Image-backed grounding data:
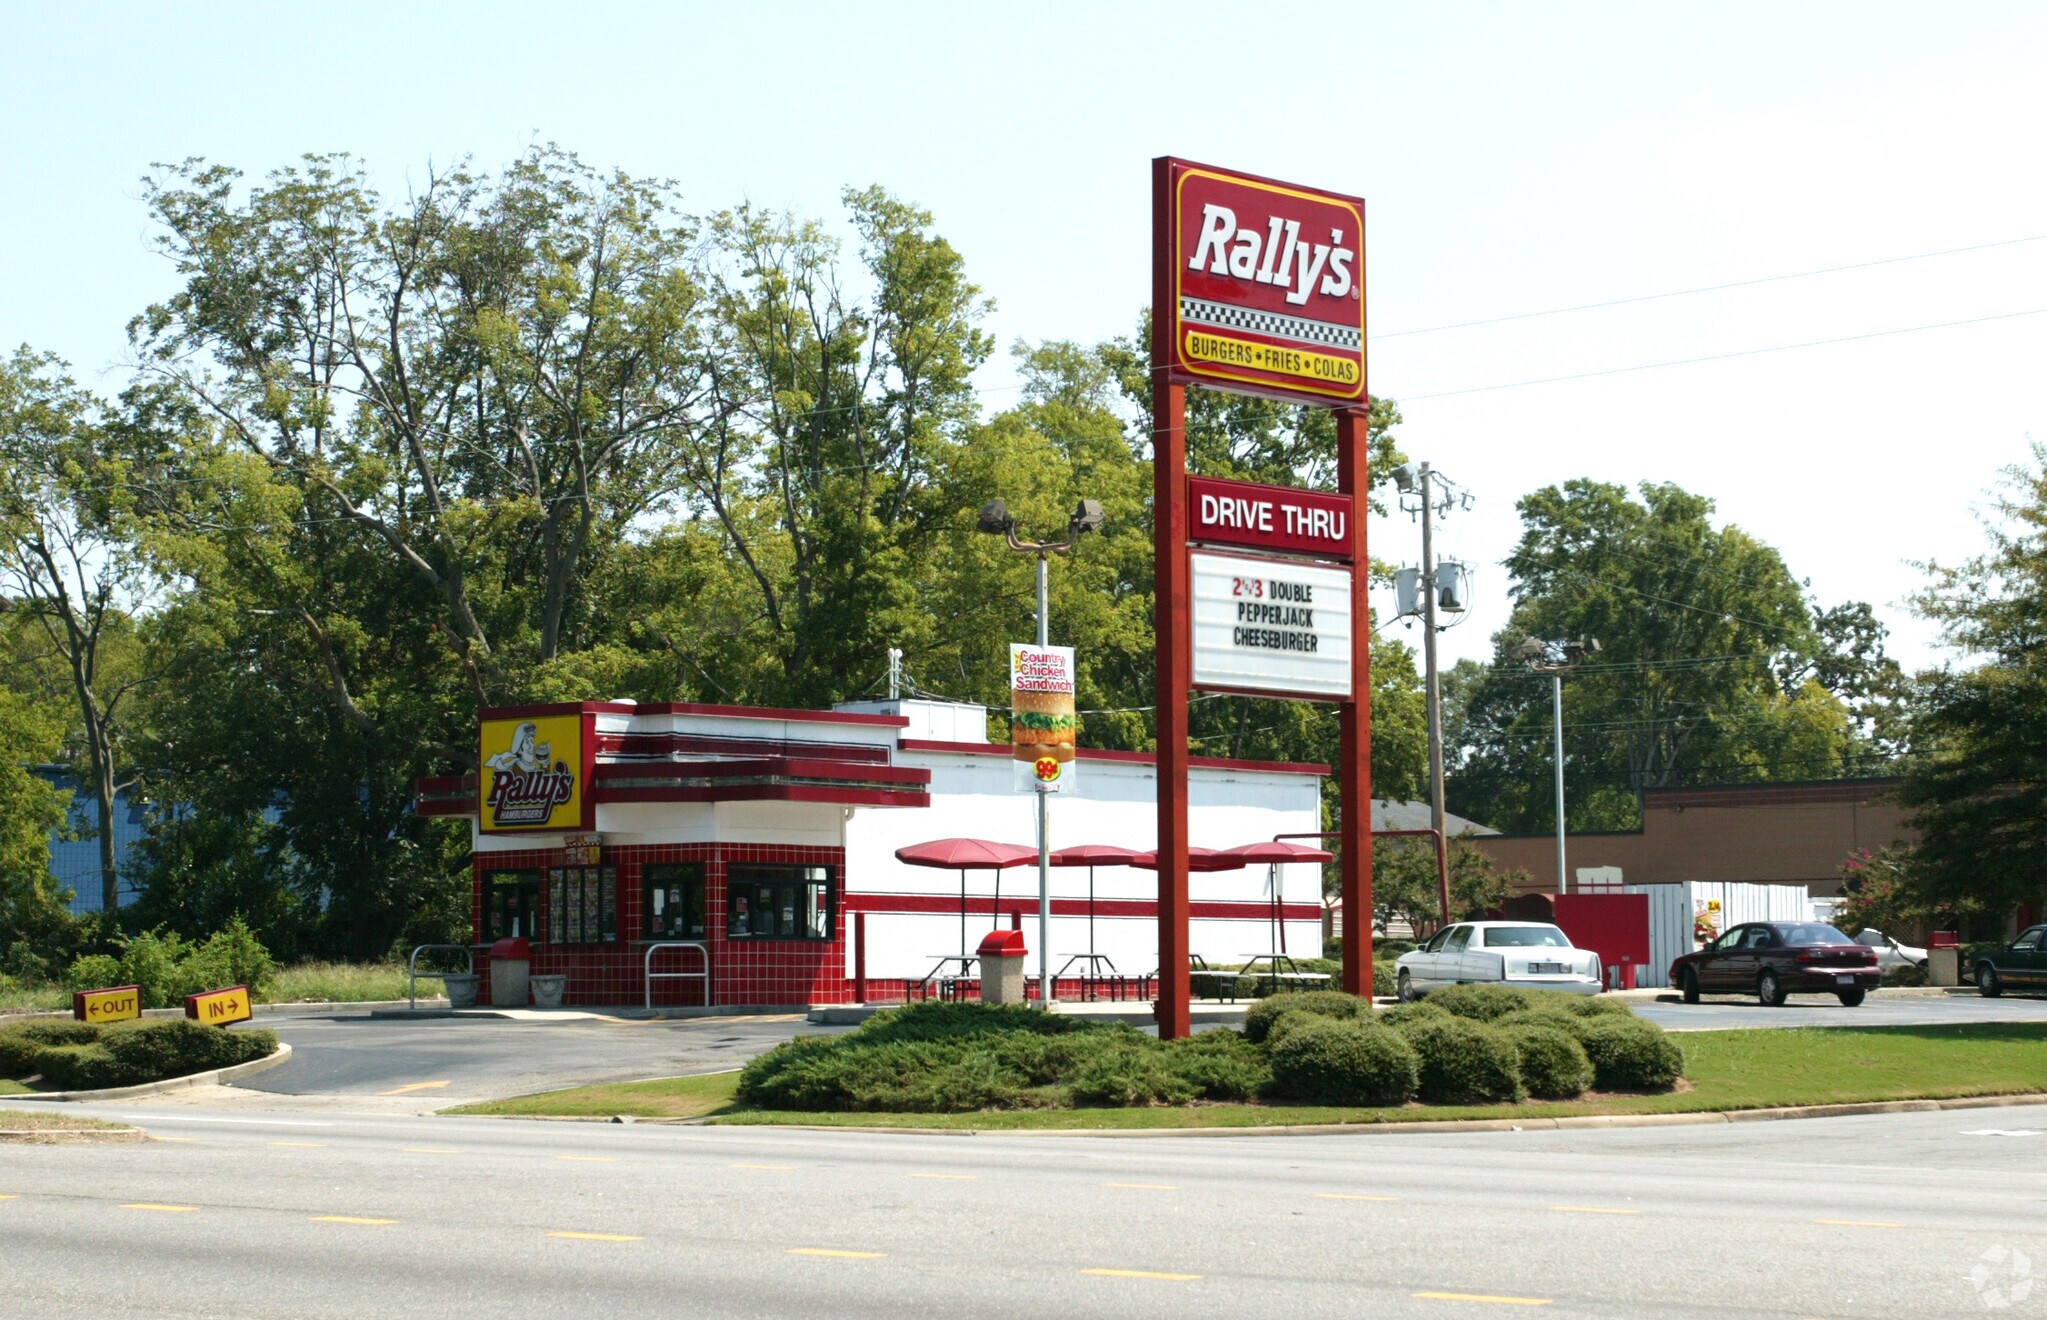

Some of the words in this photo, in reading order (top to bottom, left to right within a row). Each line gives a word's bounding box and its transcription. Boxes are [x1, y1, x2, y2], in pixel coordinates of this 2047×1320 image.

[1188, 203, 1354, 305] Rally's
[1191, 336, 1252, 364] BURGERS
[1265, 349, 1300, 372] FRIES
[1313, 357, 1353, 380] COLAS
[1201, 494, 1273, 532] DRIVE
[1280, 504, 1345, 541] THRU
[1270, 580, 1313, 603] DOUBLE
[1238, 602, 1313, 628] PEPPERJACK
[1234, 626, 1318, 653] CHEESEBURGER
[1020, 650, 1066, 667] Country
[1020, 664, 1066, 677] Chicken
[1016, 676, 1072, 691] Sandwich
[487, 762, 575, 815] Rally's
[500, 809, 544, 820] HAMBURGERS
[103, 998, 135, 1014] OUT
[208, 1001, 225, 1018] IN
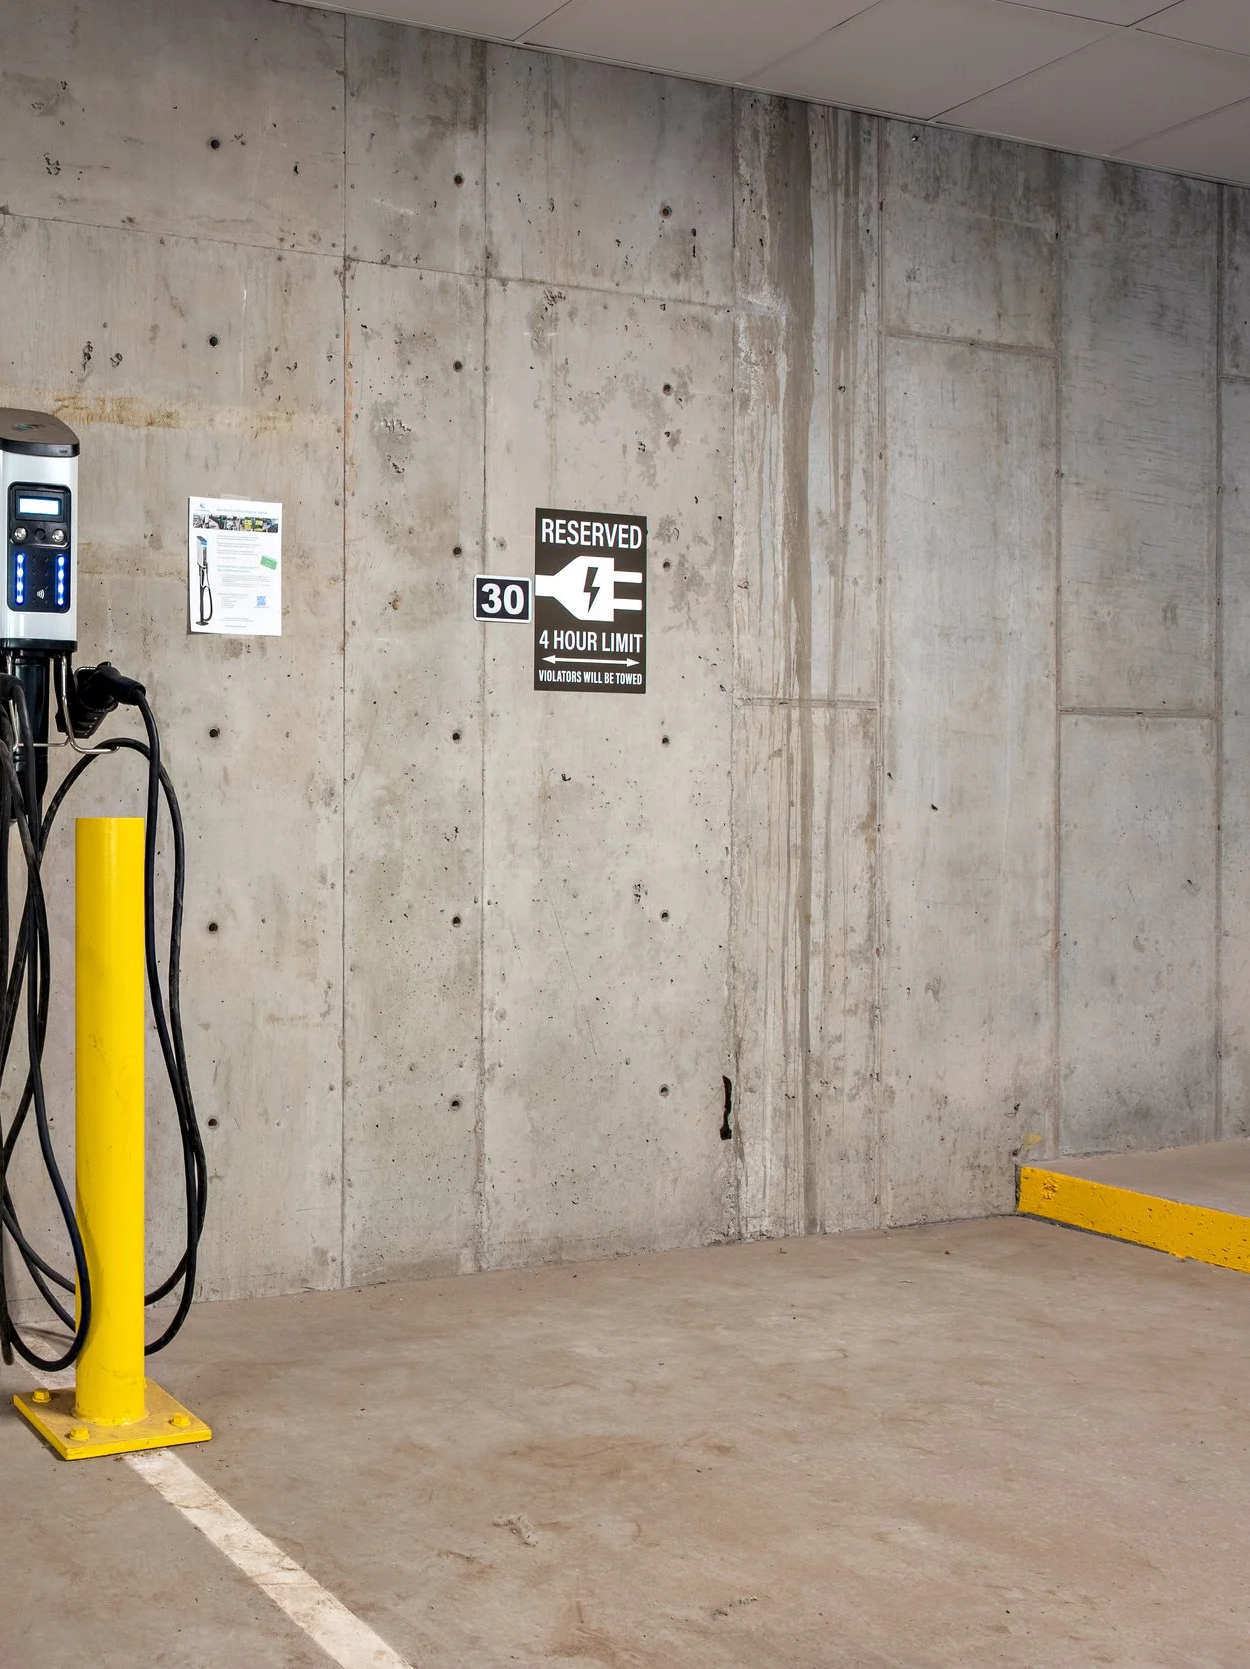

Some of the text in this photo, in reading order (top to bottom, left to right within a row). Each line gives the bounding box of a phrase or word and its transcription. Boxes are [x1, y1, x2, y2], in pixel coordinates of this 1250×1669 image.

[541, 518, 642, 549] RESERVED
[481, 583, 525, 615] 30
[539, 630, 643, 653] 4 HOUR LIMIT
[538, 670, 642, 685] VIOLATORS WILL BE TOWED
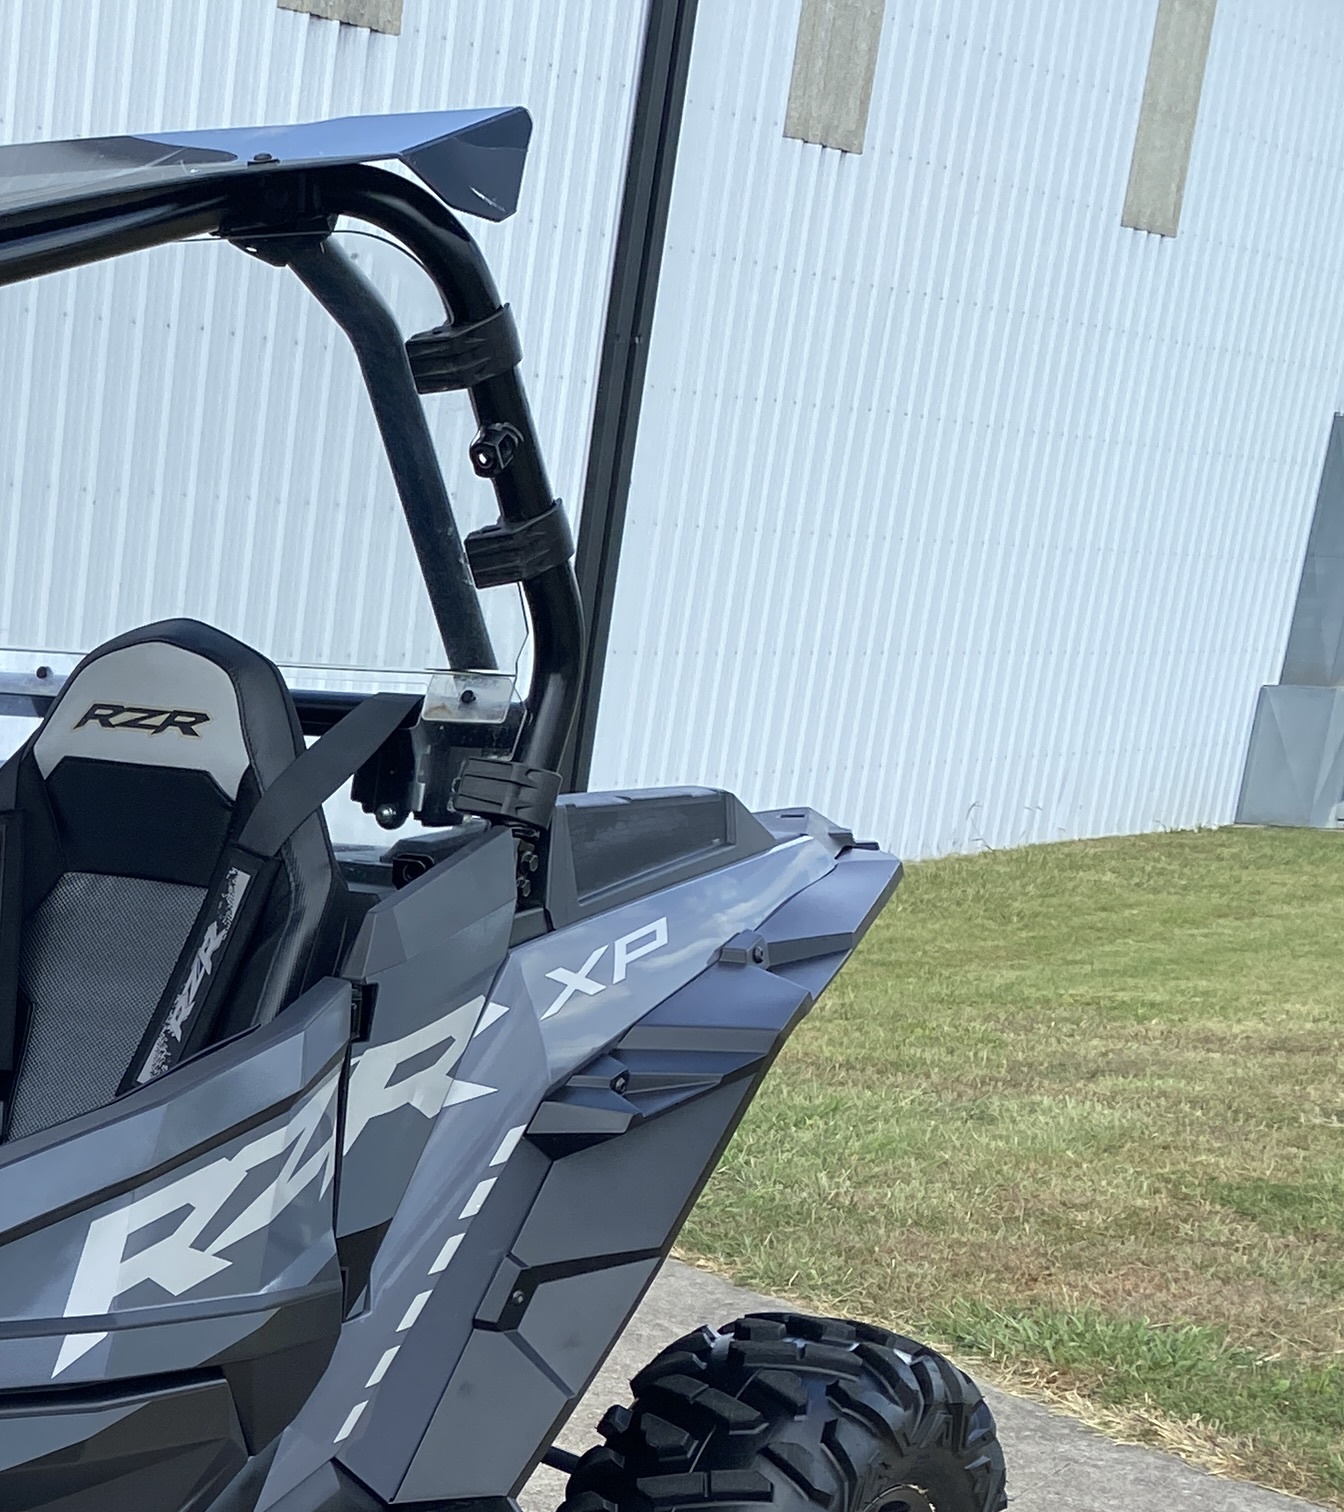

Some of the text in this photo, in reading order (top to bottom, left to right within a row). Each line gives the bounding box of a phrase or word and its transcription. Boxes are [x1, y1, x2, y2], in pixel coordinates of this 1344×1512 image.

[72, 702, 211, 738] RZR
[168, 920, 228, 1042] RZR
[540, 916, 669, 1021] XP
[52, 994, 510, 1378] RZR

Work task:
Line by line, write out the data above exactly, without the pictures.

Written reply:
Some of the words in this photo, in reading order (top to bottom, left to right within a row). Each line gives a word's bounding box and its transcription. Boxes are [x1, y1, x2, y2], in pixel coordinates of this 2047×1320 image.

[1188, 203, 1354, 305] Rally's
[1191, 336, 1252, 364] BURGERS
[1265, 349, 1300, 372] FRIES
[1313, 357, 1353, 380] COLAS
[1201, 494, 1273, 532] DRIVE
[1280, 504, 1345, 541] THRU
[1270, 580, 1313, 603] DOUBLE
[1238, 602, 1313, 628] PEPPERJACK
[1234, 626, 1318, 653] CHEESEBURGER
[1020, 650, 1066, 667] Country
[1020, 664, 1066, 677] Chicken
[1016, 676, 1072, 691] Sandwich
[487, 762, 575, 815] Rally's
[500, 809, 544, 820] HAMBURGERS
[103, 998, 135, 1014] OUT
[208, 1001, 225, 1018] IN

Some of the text in this photo, in reading order (top to bottom, left to right within a row). Each line gives the bounding box of a phrase or word and its transcription. Boxes are [x1, y1, x2, y2], in pixel coordinates of this 1250×1669 image.

[541, 518, 642, 549] RESERVED
[481, 583, 525, 615] 30
[539, 630, 643, 653] 4 HOUR LIMIT
[538, 670, 642, 685] VIOLATORS WILL BE TOWED

Some of the text in this photo, in reading order (top to bottom, left to right within a row). Each line gives the bounding box of a phrase or word and its transcription. Boxes are [x1, y1, x2, y2], in pixel coordinates of this 1344×1512 image.

[72, 702, 211, 738] RZR
[168, 920, 228, 1042] RZR
[540, 916, 669, 1021] XP
[52, 994, 510, 1378] RZR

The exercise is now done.